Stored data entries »

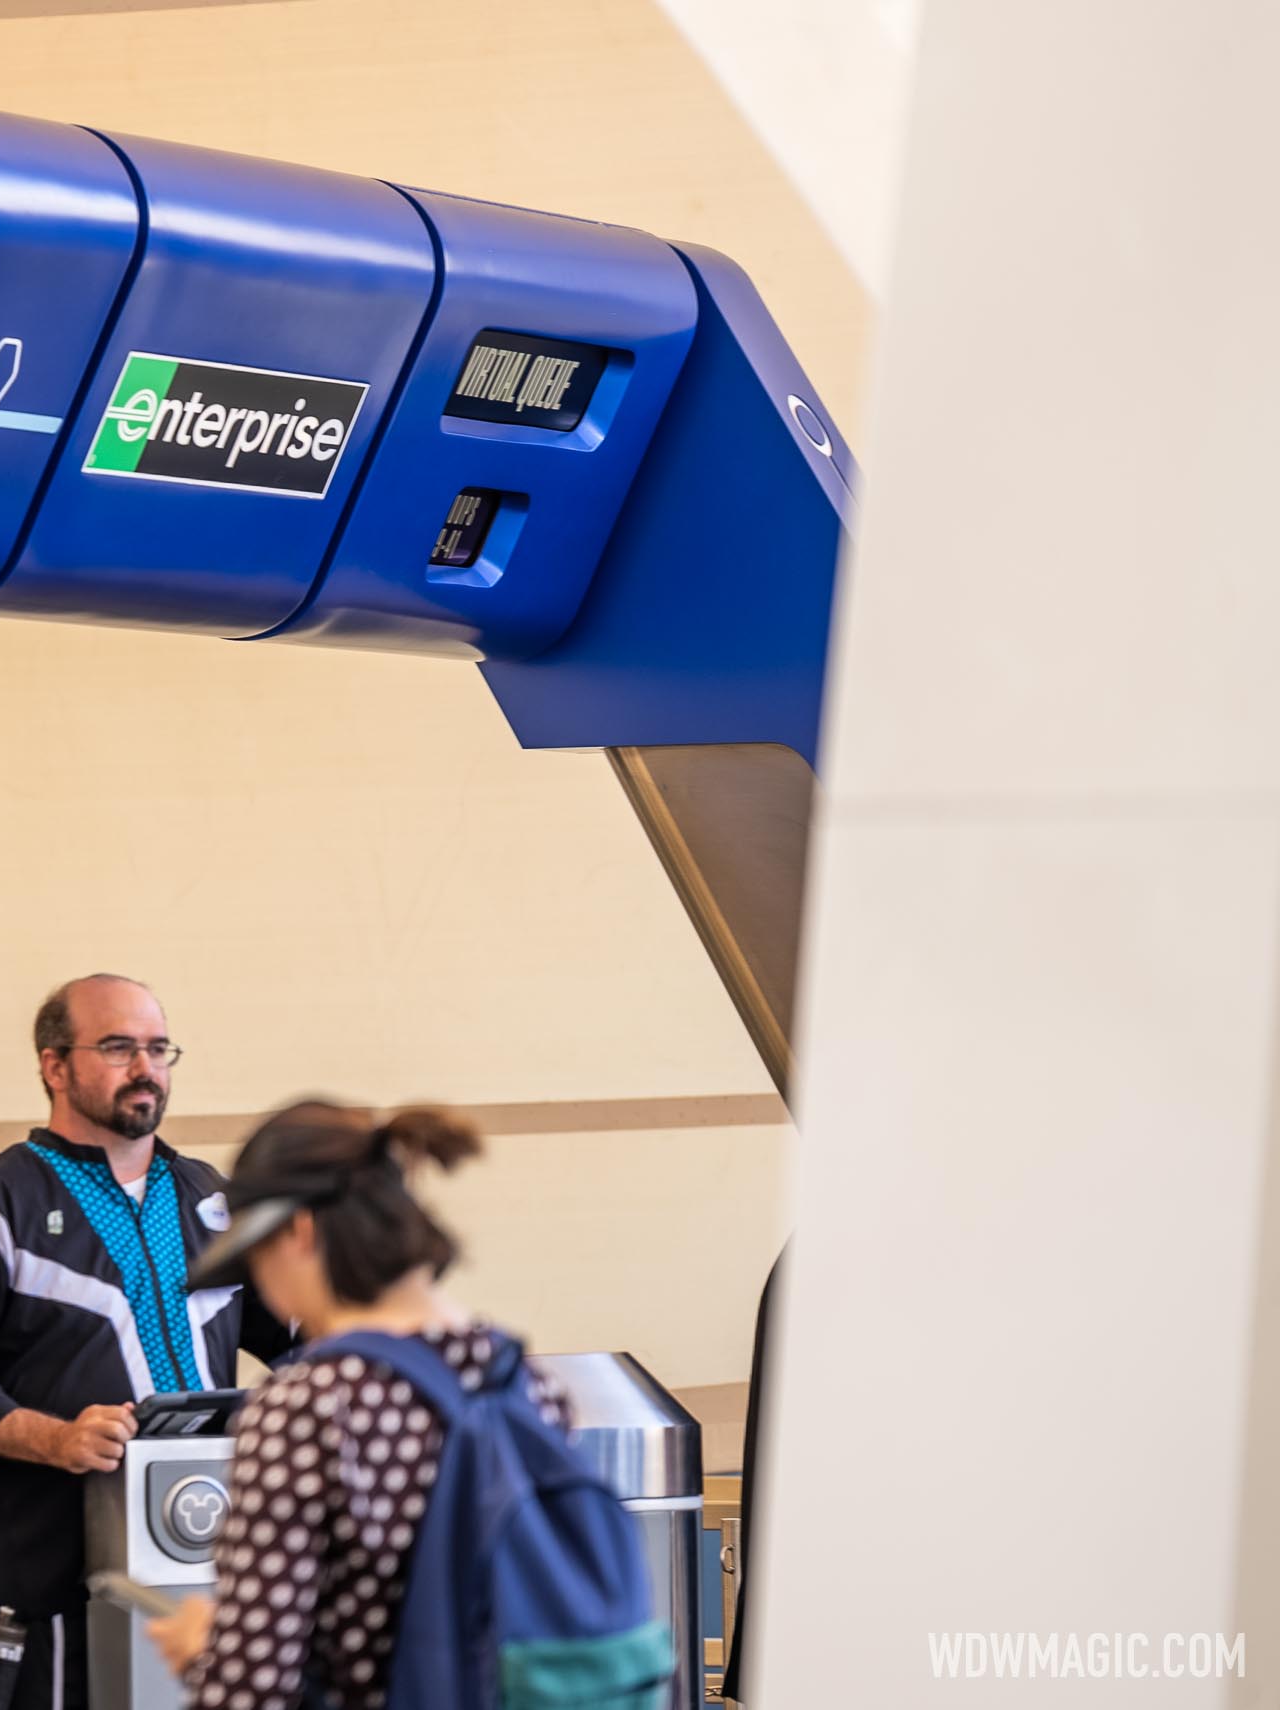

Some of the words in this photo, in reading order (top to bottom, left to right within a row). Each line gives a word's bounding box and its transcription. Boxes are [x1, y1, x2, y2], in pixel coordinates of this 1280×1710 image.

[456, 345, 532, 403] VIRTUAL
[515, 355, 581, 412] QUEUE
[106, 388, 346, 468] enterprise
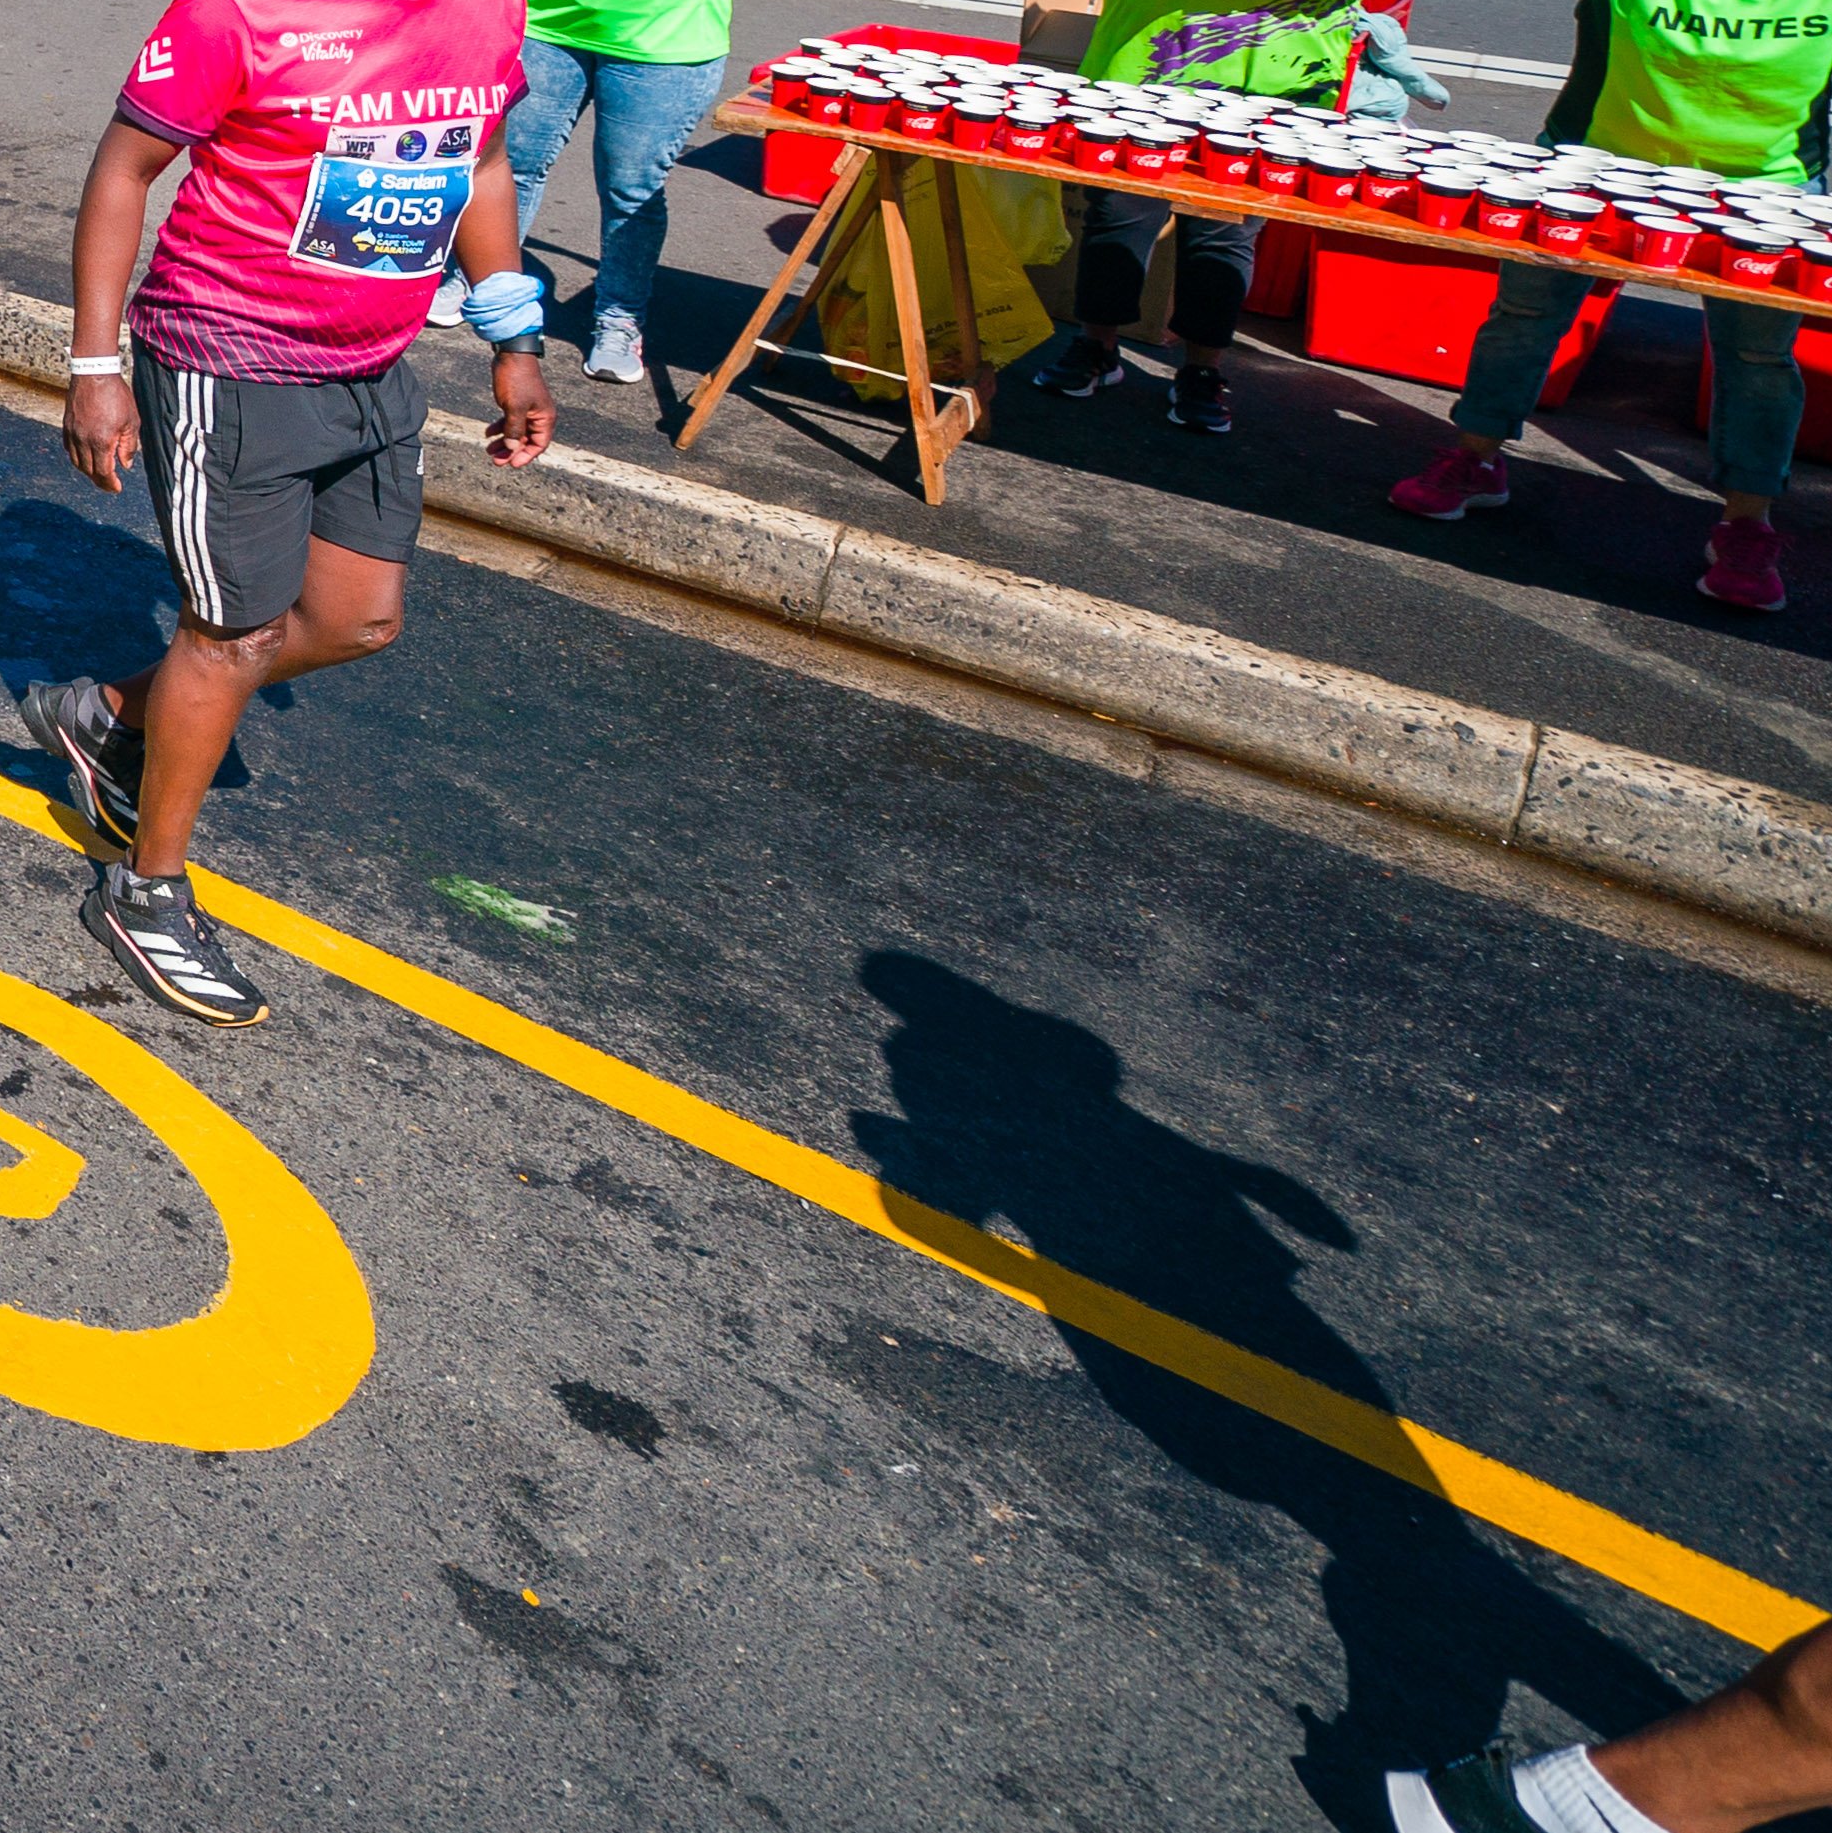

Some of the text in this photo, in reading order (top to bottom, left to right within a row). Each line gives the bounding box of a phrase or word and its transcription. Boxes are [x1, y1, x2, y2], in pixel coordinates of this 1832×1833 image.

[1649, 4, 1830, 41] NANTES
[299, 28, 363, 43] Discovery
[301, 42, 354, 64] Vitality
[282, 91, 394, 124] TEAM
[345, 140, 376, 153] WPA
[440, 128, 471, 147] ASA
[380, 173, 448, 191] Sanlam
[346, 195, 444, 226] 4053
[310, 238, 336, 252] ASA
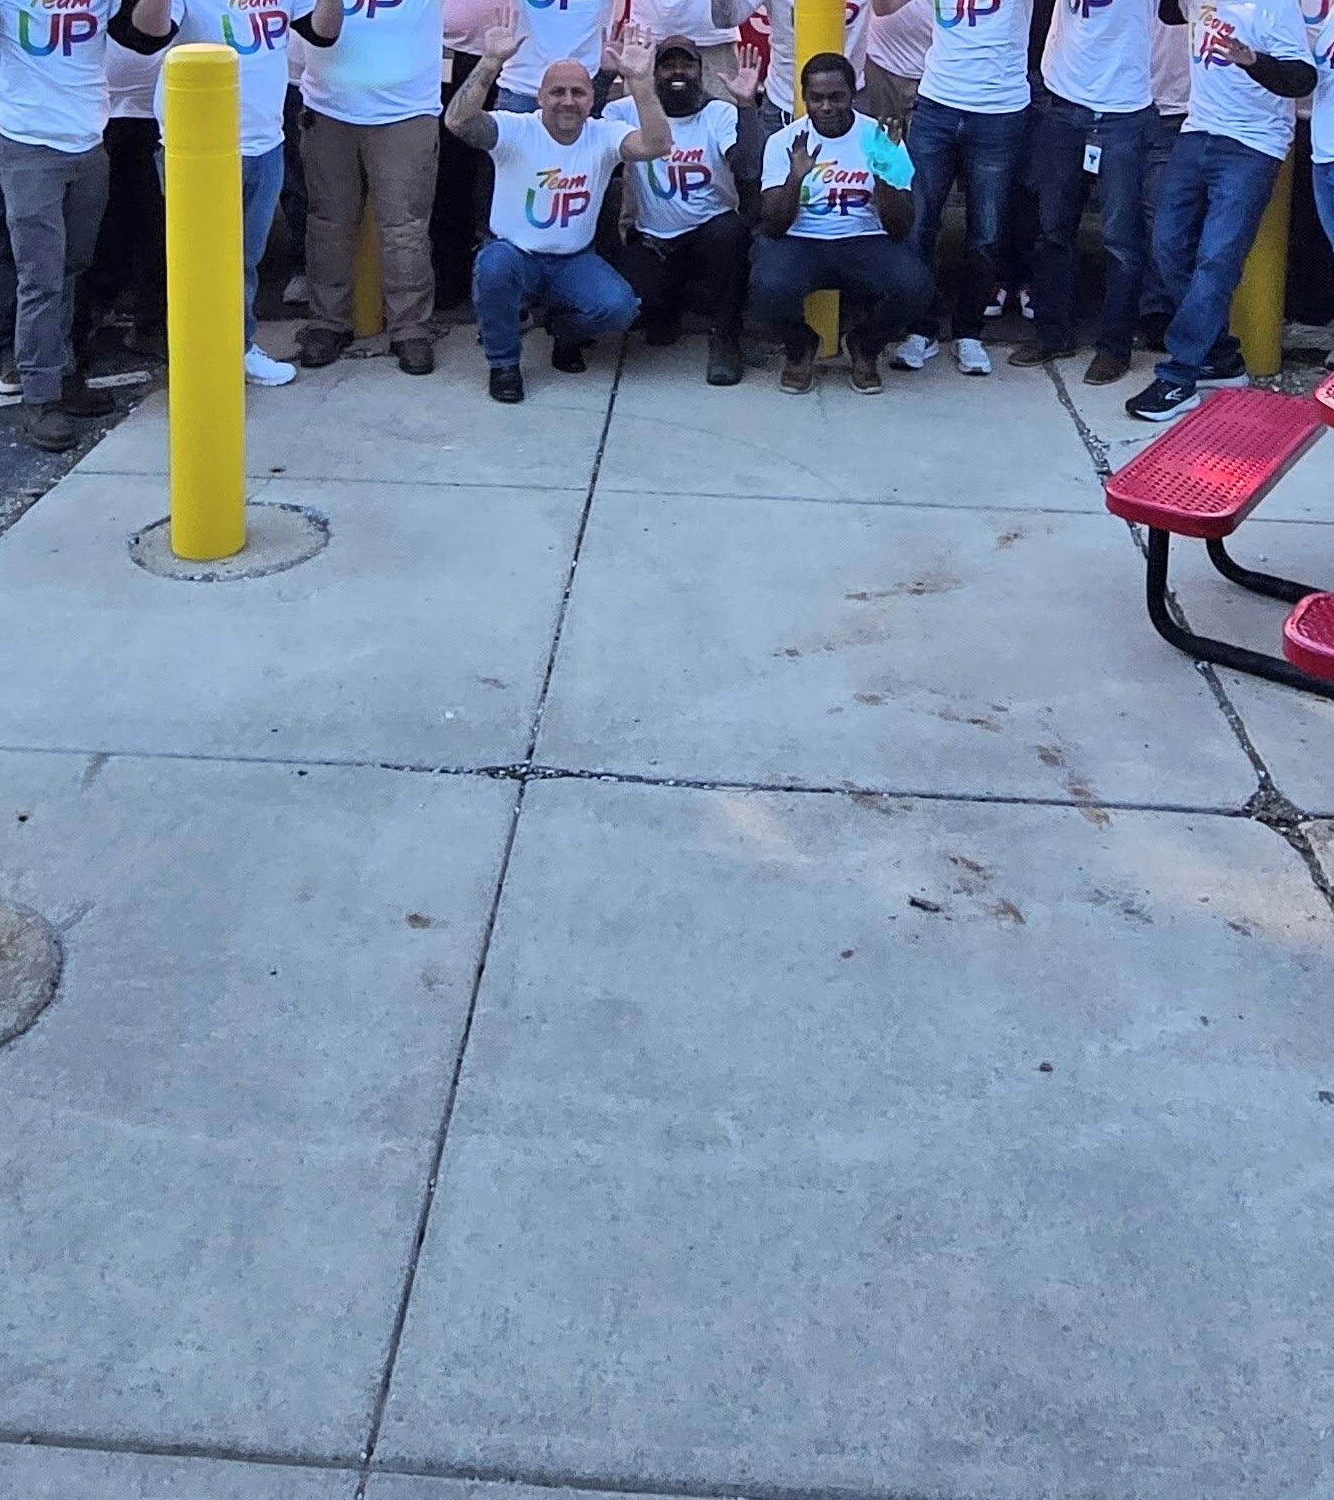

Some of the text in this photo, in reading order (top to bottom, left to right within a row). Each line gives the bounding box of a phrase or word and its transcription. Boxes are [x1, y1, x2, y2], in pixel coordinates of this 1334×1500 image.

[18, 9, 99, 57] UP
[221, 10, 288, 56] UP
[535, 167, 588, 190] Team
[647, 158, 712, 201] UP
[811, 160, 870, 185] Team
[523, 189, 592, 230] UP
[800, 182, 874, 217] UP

PROBLEM » Copy out exactly the lines that run from the one holding "this 1334×1500 image." through the end of the data above.

YOUR RESPONSE »
Some of the text in this photo, in reading order (top to bottom, left to right within a row). Each line gives the bounding box of a phrase or word and its transcription. Boxes are [x1, y1, x2, y2], in pixel coordinates of this 1334×1500 image.

[18, 9, 99, 57] UP
[221, 10, 288, 56] UP
[535, 167, 588, 190] Team
[647, 158, 712, 201] UP
[811, 160, 870, 185] Team
[523, 189, 592, 230] UP
[800, 182, 874, 217] UP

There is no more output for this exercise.